Adding insult to injury, half of today’s tech job postings demand AI expertise—experience most newcomers can’t possibly have. The catch is obvious: no entry-level jobs, no way to learn.


Trapped by Networks

With traditional hiring pipelines evaporating, personal connections have become the golden ticket.

Nearly three out of four professionals land jobs through someone they know. Employers admit they prefer hiring friends or referrals over strangers with better qualifications. And when asked, more than 90 percent of job seekers said they’d take their dream role if it came via connection—even if it meant skipping the usual process.

This isn’t just family businesses handing down opportunities. Workers are 200 times more likely to land at a parent’s company than at a competitor across the street. White men from wealthy families benefit disproportionately, widening pay and racial gaps. Analysts estimate parental connections alone explain about 10 percent of the gender wage gap at career start.

Referrals make the system even tighter. A referred candidate is five times more likely to be hired, and companies see it as cheaper and faster. For Gen Z, referrals are now the top job-hunting strategy, with six in ten saying recommendations matter most.

Yet only 11 percent of companies have real safeguards against nepotism—even though almost everyone agrees it’s unethical. The mismatch between values and reality says it all: under pressure, the industry has traded fairness for convenience.


Closing the Loop

Back at ByteDance, Jane saw the shift play out in real time. Brilliant engineers worked themselves into exhaustion only to be leapfrogged by managers’ old buddies. Reviews felt arbitrary. Criticism like “not technical enough” landed on proven veterans. “It was birthright, not hustle,” she said.

By her second year, she stopped trying.

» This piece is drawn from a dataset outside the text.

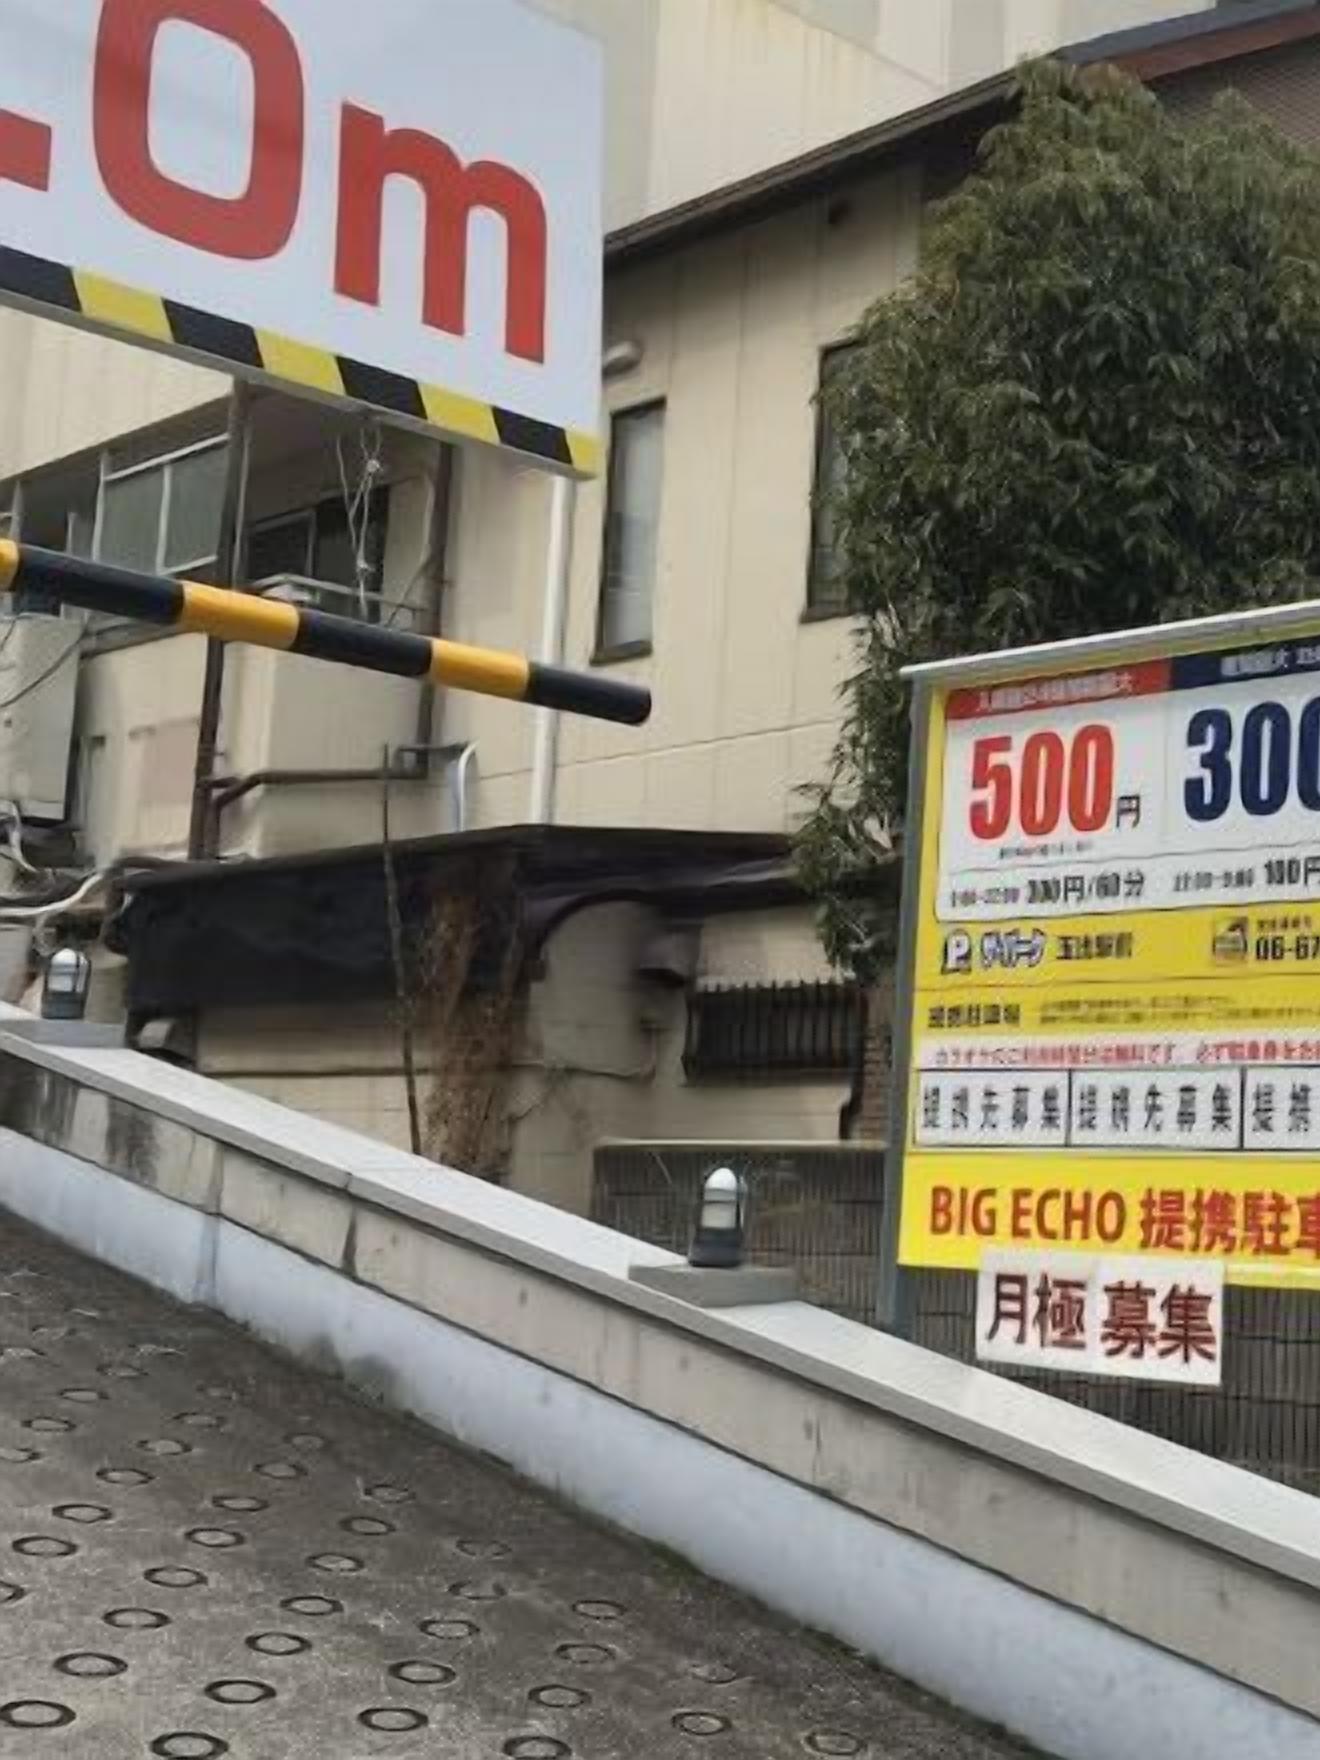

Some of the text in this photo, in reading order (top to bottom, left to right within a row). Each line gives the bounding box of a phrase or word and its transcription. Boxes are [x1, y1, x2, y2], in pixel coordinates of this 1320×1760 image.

She dodged messages after hours, let language barriers protect her in meetings, and quietly searched for her next move. ByteDance still taught her plenty, she admitted, but the promise of a fairer culture was “bull.”

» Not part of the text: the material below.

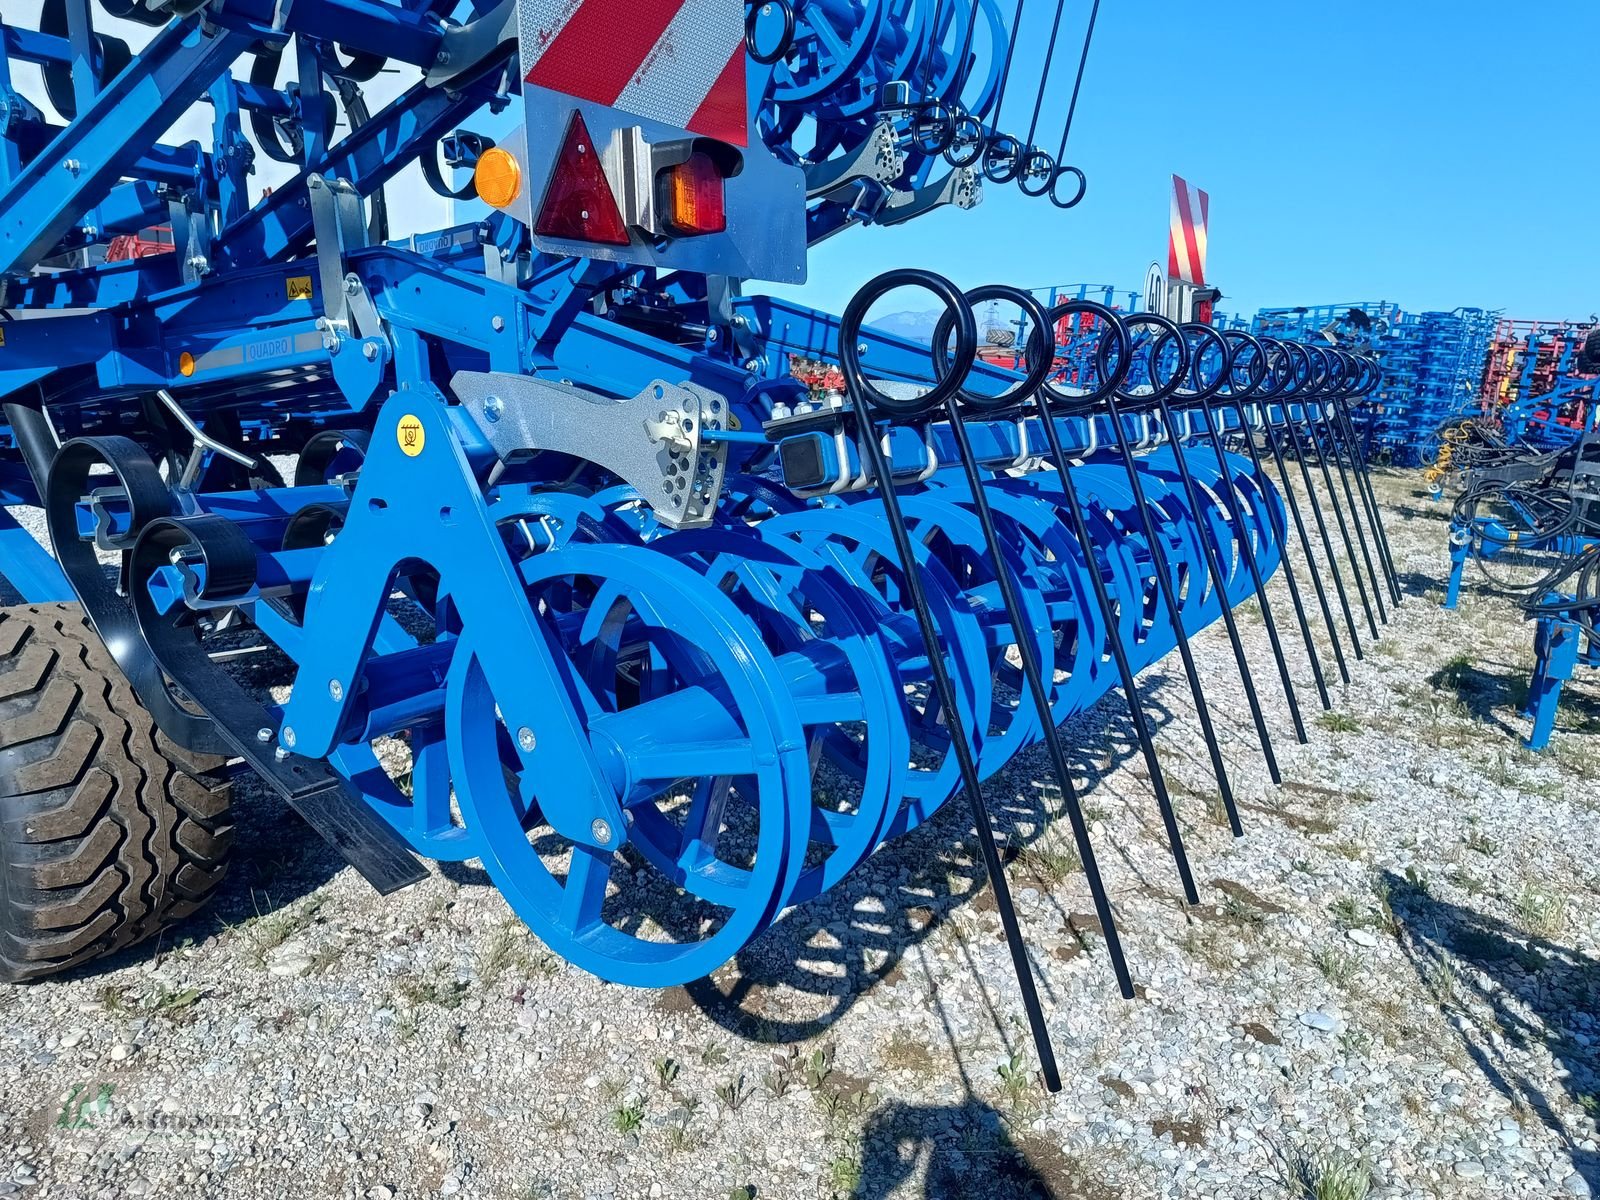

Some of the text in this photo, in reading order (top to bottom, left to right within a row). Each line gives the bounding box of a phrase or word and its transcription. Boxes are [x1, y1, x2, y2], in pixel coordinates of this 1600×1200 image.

Her advice to new grads? Don’t expect loyalty. “Treat it like a toxic fling,” she said. Work two years, climb one step, then leave. “Stay longer, and the nepotism machine eats you alive.”


A Familiar Pattern

What’s happening in tech echoes declines in other industries. Factories, newspapers, and retail chains all followed similar paths: when jobs grew scarce, connections became the currency.

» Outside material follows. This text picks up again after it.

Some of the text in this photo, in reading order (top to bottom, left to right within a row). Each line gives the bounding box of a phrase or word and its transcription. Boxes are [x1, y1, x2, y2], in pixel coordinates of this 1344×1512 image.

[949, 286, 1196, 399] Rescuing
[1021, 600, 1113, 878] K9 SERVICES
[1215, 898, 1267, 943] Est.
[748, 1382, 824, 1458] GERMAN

But tech’s collapse is different in speed and scale. The forces stack up: AI disruption, high interest rates choking investment, market saturation, and a wholesale shift in how companies hire.

The bar keeps rising. In 2022, 37 percent of job postings asked for five years’ experience. By 2025, it was 42 percent. Employers want instant value, not potential. The catch? Opportunities to gain that experience have dried up.

In 2024, 150,000 tech workers lost their jobs. Another 100,000 have been cut this year. The market is glutted with veterans competing with rookies for scraps. To cope, companies lean harder on referrals, touting them as “trusted pipelines.” The result: faster hires, less diversity, and a system that quietly shuts out anyone without connections.


A Promise Broken

For decades, tech sold itself as the great meritocracy. Anyone with skills and grit could break in, no matter their background. That belief shaped college majors, immigration policies, and the dreams of millions.

Now the façade is cracking. Entry-level roles are disappearing. AI is replacing human labor. Hiring decisions flow through personal networks instead of résumés.

Insiders with connections still have options. But for workers like Jane—graduates who believed effort would open doors—the industry feels rigged.

“Forget the fairy tale of bootstrapping your way in,” she warned. “It’s fixed from the start.”

The data backs her up. What no one yet knows is whether this is a painful correction or a permanent turn. Has tech hit a temporary storm—or has it joined the long list of industries where who you know matters more than what you can do?